Correct pharmaceutical calculations can be accomplished
by using, for example, proper conversions from one measurement system to another and properly placed decimal
points, by understanding the arithmetical concepts, and by
paying close attention to the details of the calculations.
Before proceeding with any calculation, pharmacists should
do the following: (a) read the entire formula or prescription
carefully; (b) determine which materials are needed; and
then (c) select the appropriate methods of preparation and
the appropriate calculation.
There are often several ways to solve a given problem.
Logical methods that require as few steps as possible should
be selected in order to ensure that calculations are done
correctly. The best approach is the one that yields results
that are accurate and free of error. The pharmacist must
double-check each calculation before proceeding with the
preparation of the article or prescription order. One way of
double-checking is by estimation. This involves rounding off
the quantities involved in the calculation, and comparing
the estimated result with the calculated value.
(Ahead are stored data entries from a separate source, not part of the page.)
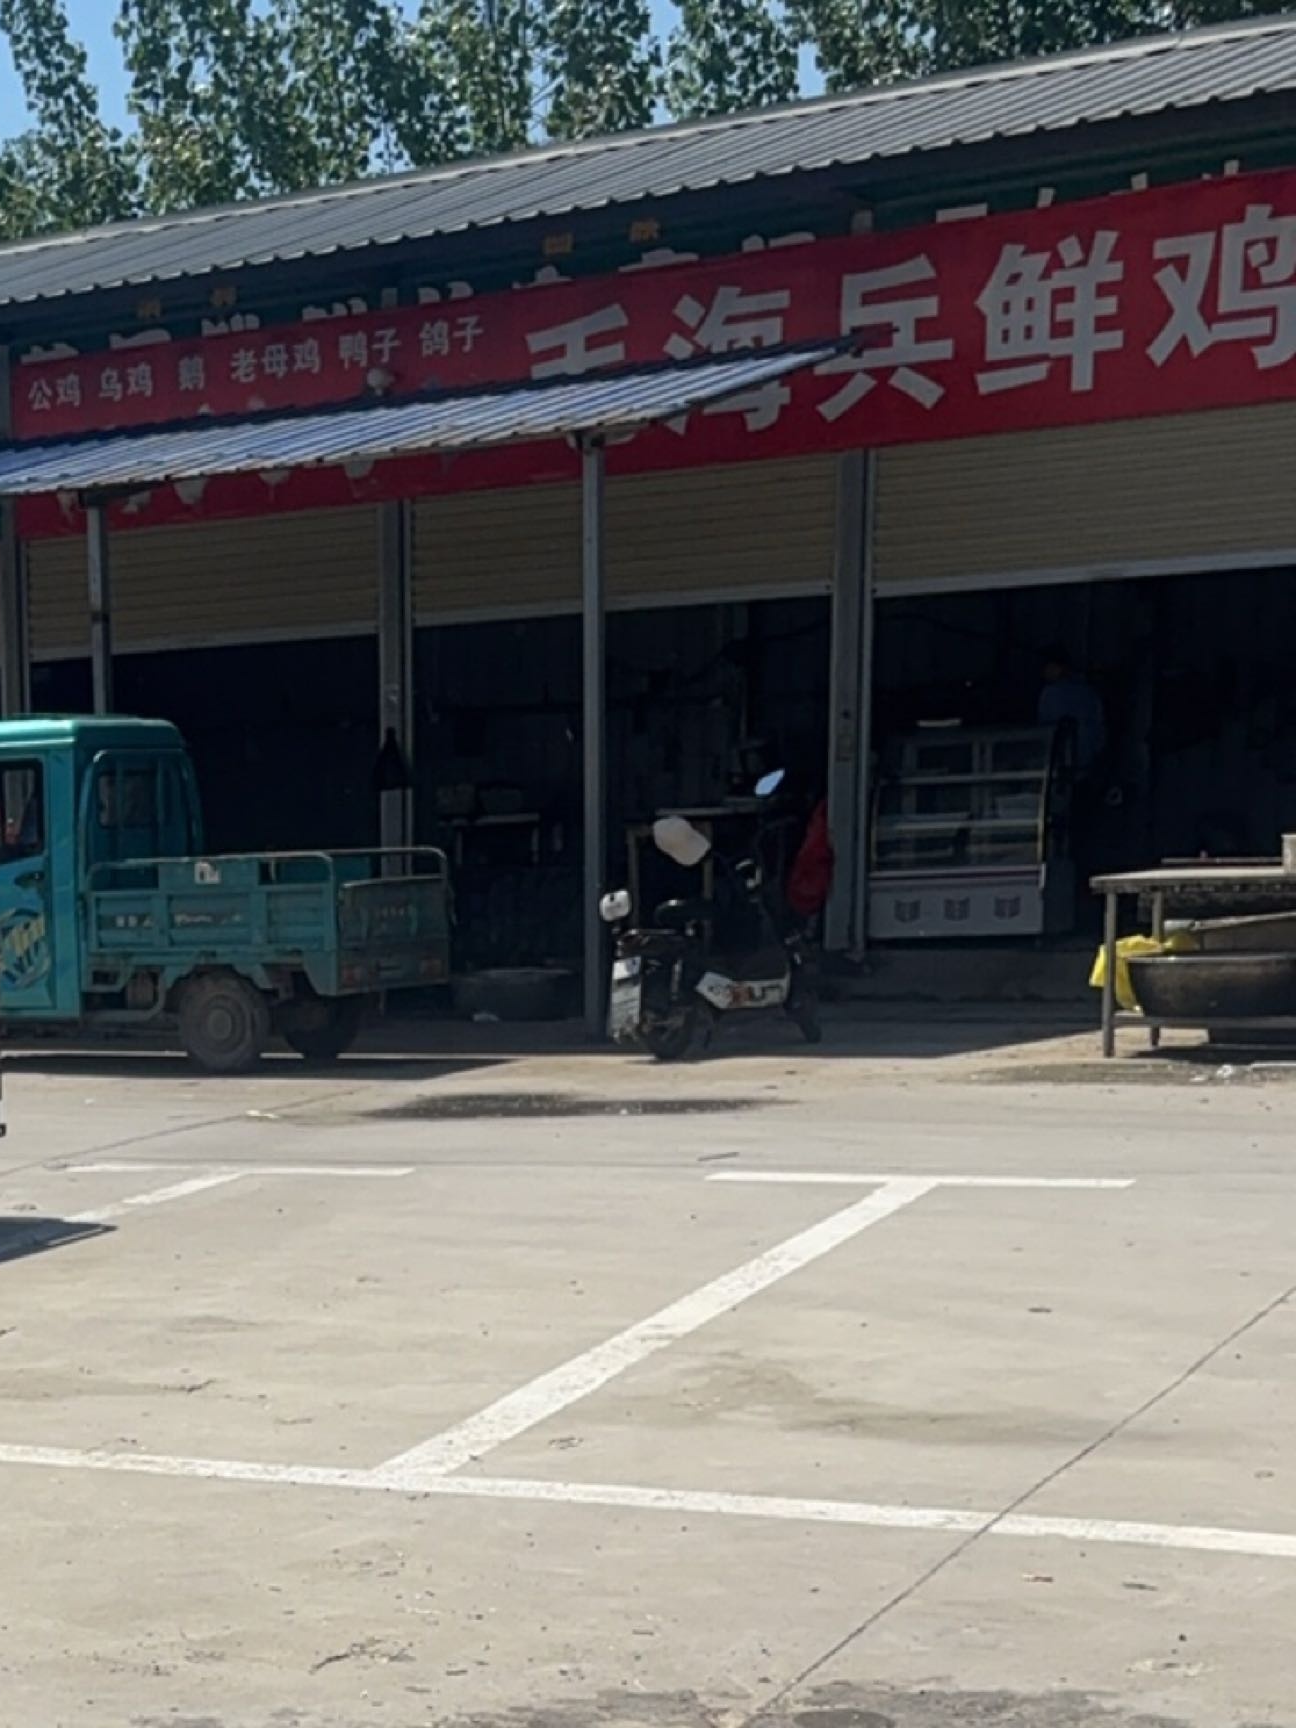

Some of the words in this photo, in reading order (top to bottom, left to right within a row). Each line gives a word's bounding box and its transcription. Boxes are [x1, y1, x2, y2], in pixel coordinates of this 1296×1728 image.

[27, 372, 81, 411] 公鸡
[99, 362, 153, 402] 乌鸡
[229, 339, 322, 383] 老母鸡
[338, 329, 402, 369] 鸭子
[419, 315, 484, 357] 鸽子
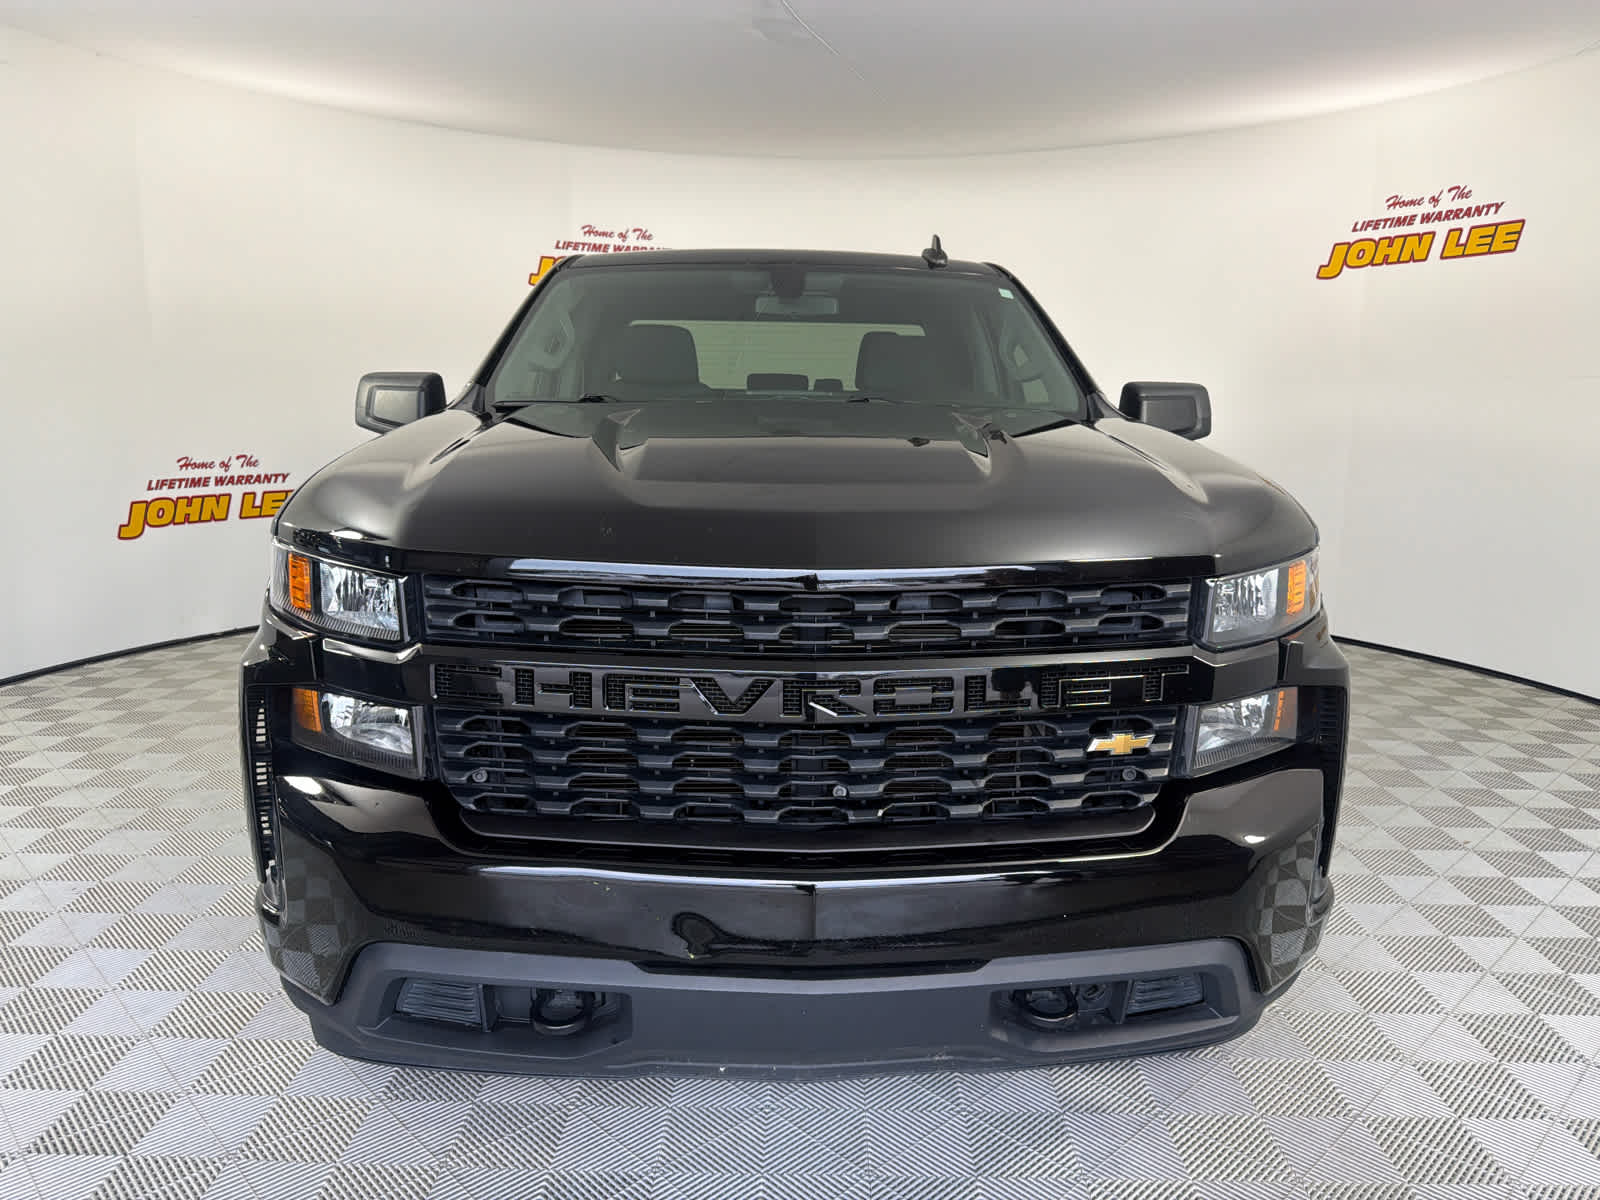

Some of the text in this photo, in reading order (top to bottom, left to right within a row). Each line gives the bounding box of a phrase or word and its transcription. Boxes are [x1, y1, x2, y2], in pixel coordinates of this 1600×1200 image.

[1385, 185, 1472, 210] Home of The
[1351, 202, 1505, 233] LIFETIME WARRANTY
[581, 224, 654, 242] Home of The
[555, 240, 610, 253] LIFETIME
[1316, 219, 1526, 279] JOHN LEE
[176, 454, 259, 472] Home of The
[147, 473, 290, 491] LIFETIME WARRANTY
[118, 489, 294, 540] JOHN LE
[433, 663, 1190, 717] CHEVROLET
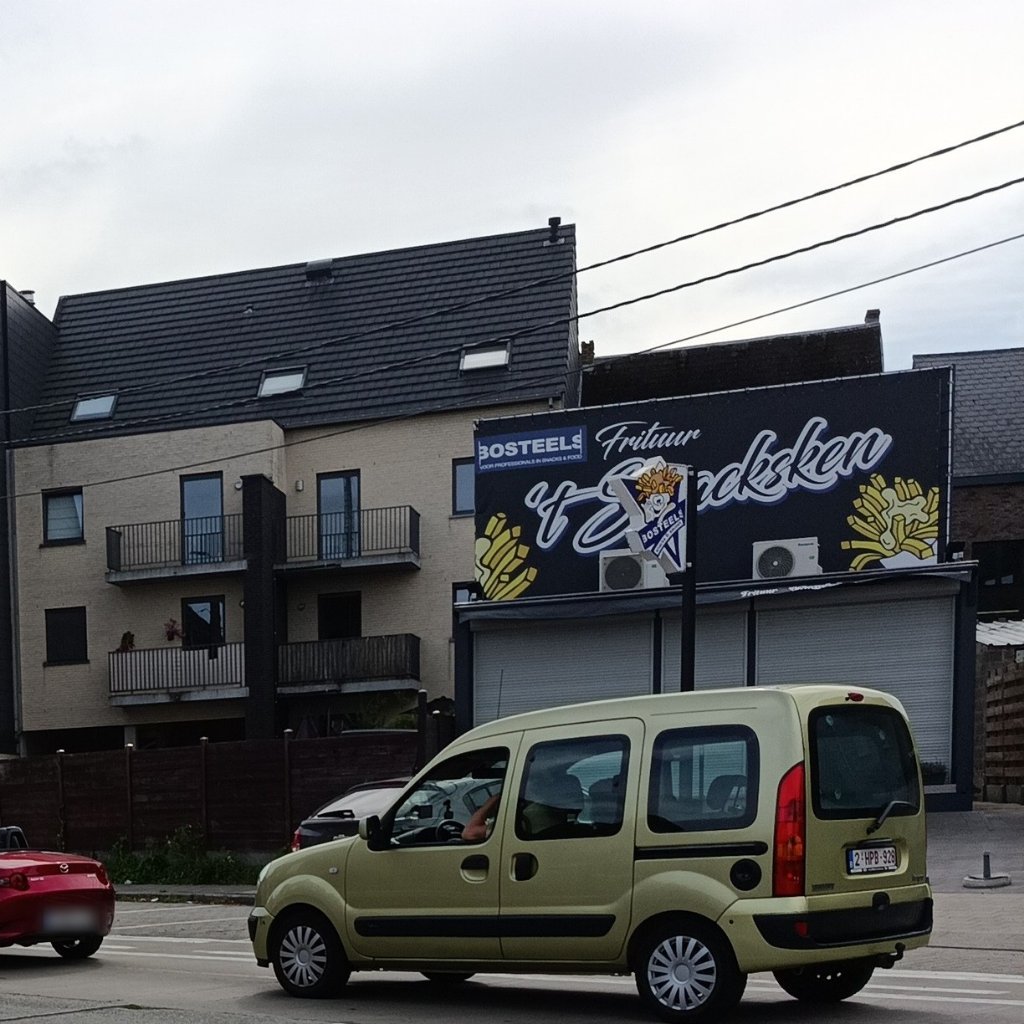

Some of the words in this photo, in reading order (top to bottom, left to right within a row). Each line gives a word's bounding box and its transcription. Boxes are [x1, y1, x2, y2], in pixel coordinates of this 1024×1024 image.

Finally, the following steps should be taken: the dosage of
each active ingredient in the prescription should be
checked; all calculations should be doubly checked, preferably by another pharmacist; and where instruments are used
in compounding, they should be carefully checked to ascertain that they will function properly. See USP general chapters Aerosols, Nasal Sprays, Metered-Dose Inhalers, and Dry
Powder Inhalers 601, Deliverable Volume 698, Density of
Solids 699, Osmolality and Osmolarity 785, pH 791,
Pharmaceutical CompoundingNonsterile Preparations 795,
Pharmaceutical CompoundingSterile Preparations 797, Viscosity 911, Specific Gravity 841, Cleaning Glass Apparatus
1051, Medicine Dropper 1101, Prescription Balances and
Volumetric Apparatus 1176, Teaspoon 1221, Weighing on
an Analytical Balance 1251, and Good Compounding Practices 1075 for information on specific instruments.